SUPPLIED RECORDS:
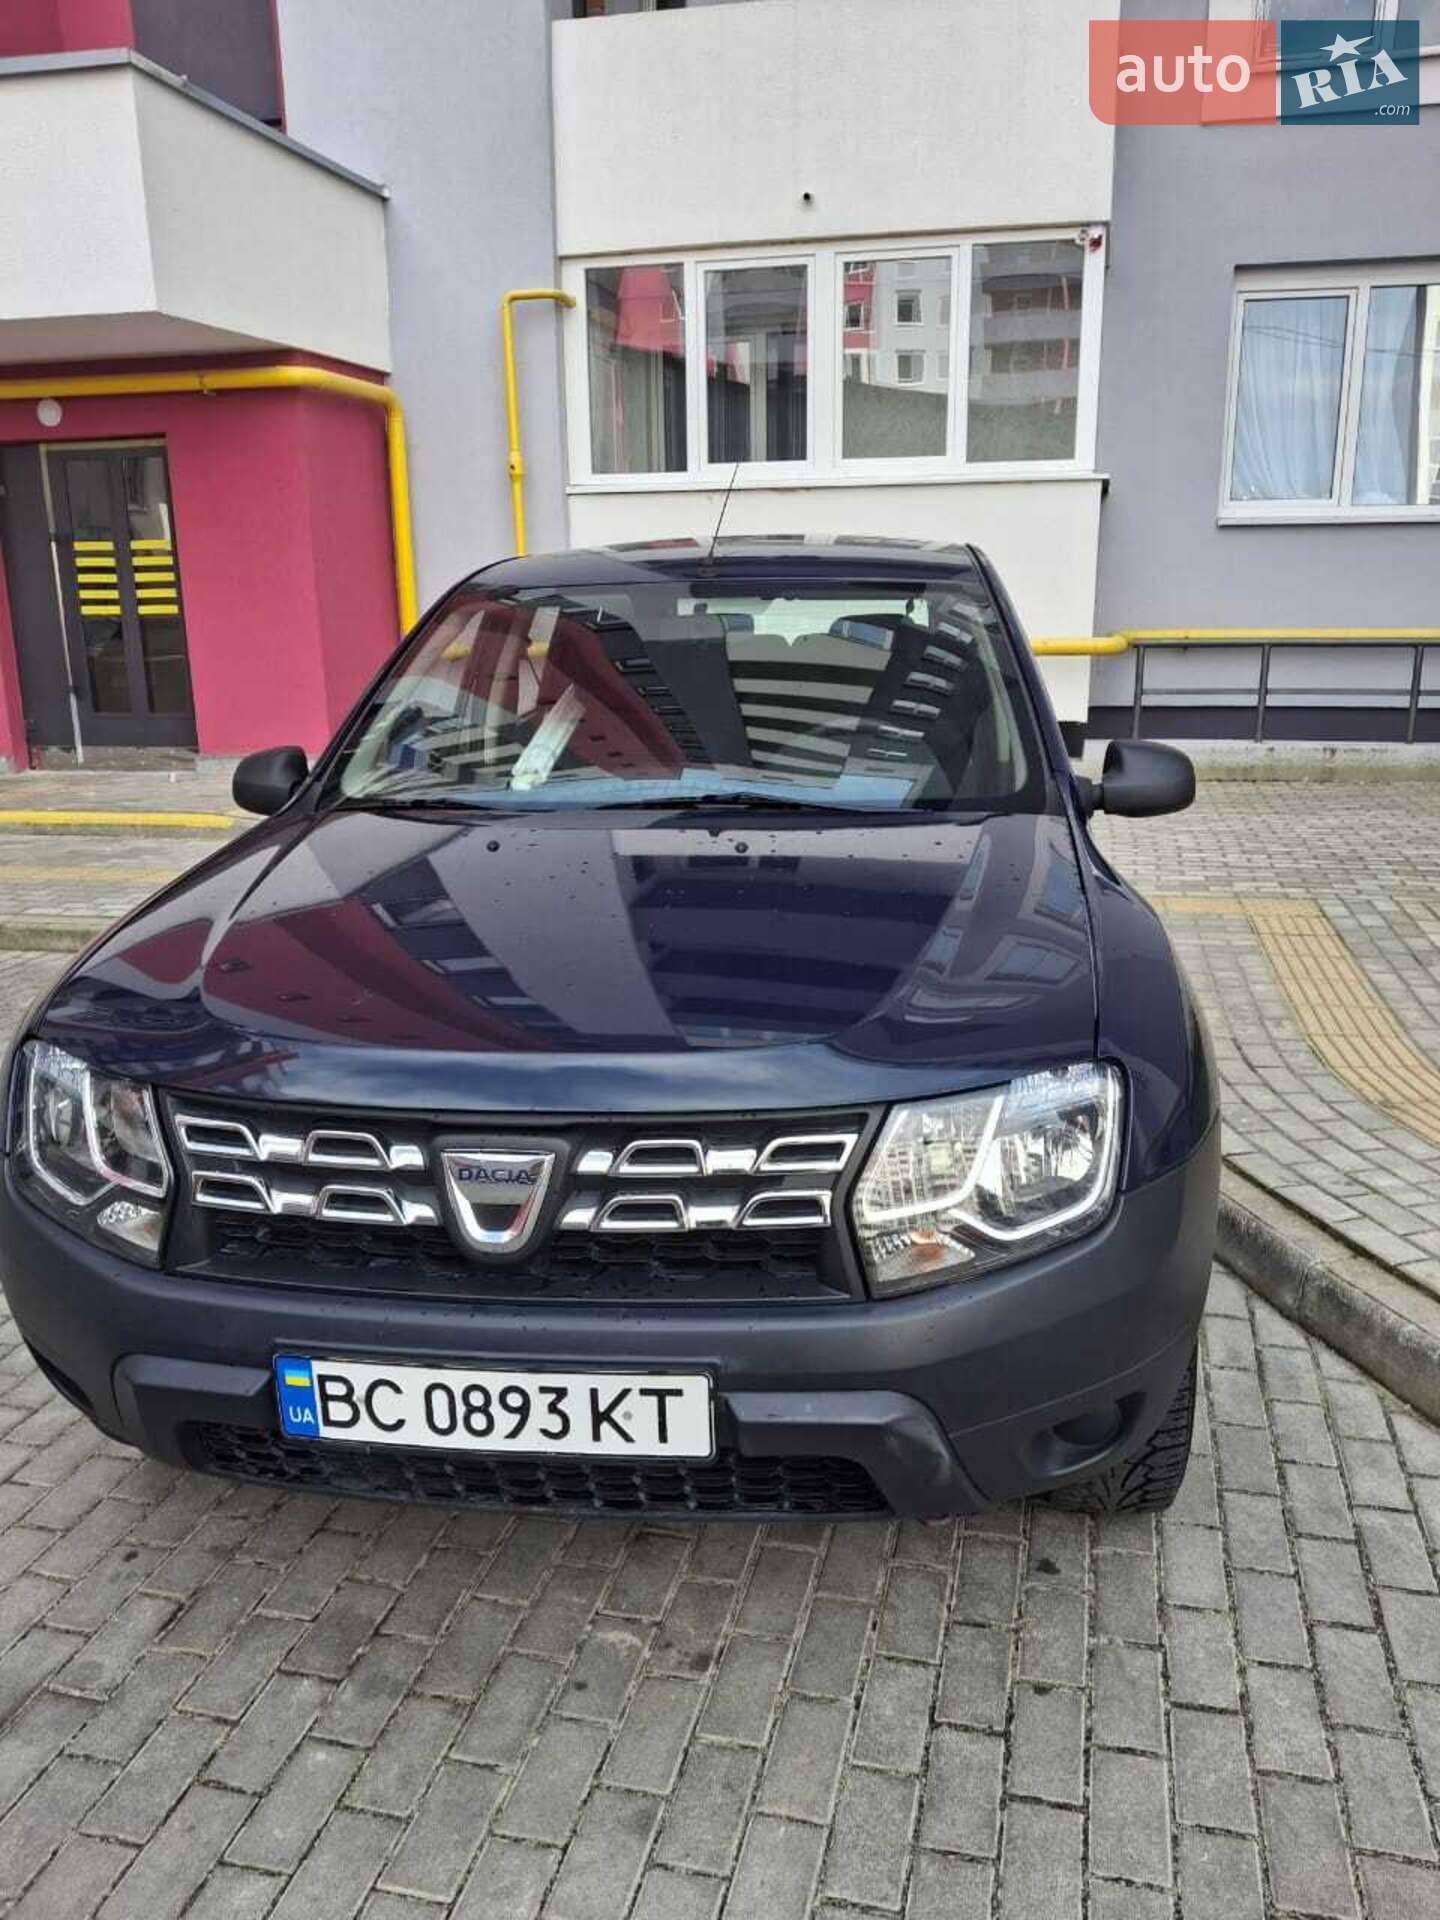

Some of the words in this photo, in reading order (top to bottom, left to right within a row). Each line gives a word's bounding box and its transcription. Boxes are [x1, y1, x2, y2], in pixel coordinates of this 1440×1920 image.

[457, 1166, 538, 1185] DACIA
[289, 1406, 315, 1424] UA
[317, 1373, 406, 1432] BC
[423, 1382, 571, 1441] 0893
[589, 1387, 684, 1443] KT

WORK INSTRUCTIONS:
The copy you produce must match the entries above exactly, except that it has no pictures.

SOLVED EXERCISE:
Some of the words in this photo, in reading order (top to bottom, left to right within a row). Each line gives a word's bounding box and its transcription. Boxes are [x1, y1, x2, y2], in pixel coordinates of this 1440×1920 image.

[457, 1166, 538, 1185] DACIA
[289, 1406, 315, 1424] UA
[317, 1373, 406, 1432] BC
[423, 1382, 571, 1441] 0893
[589, 1387, 684, 1443] KT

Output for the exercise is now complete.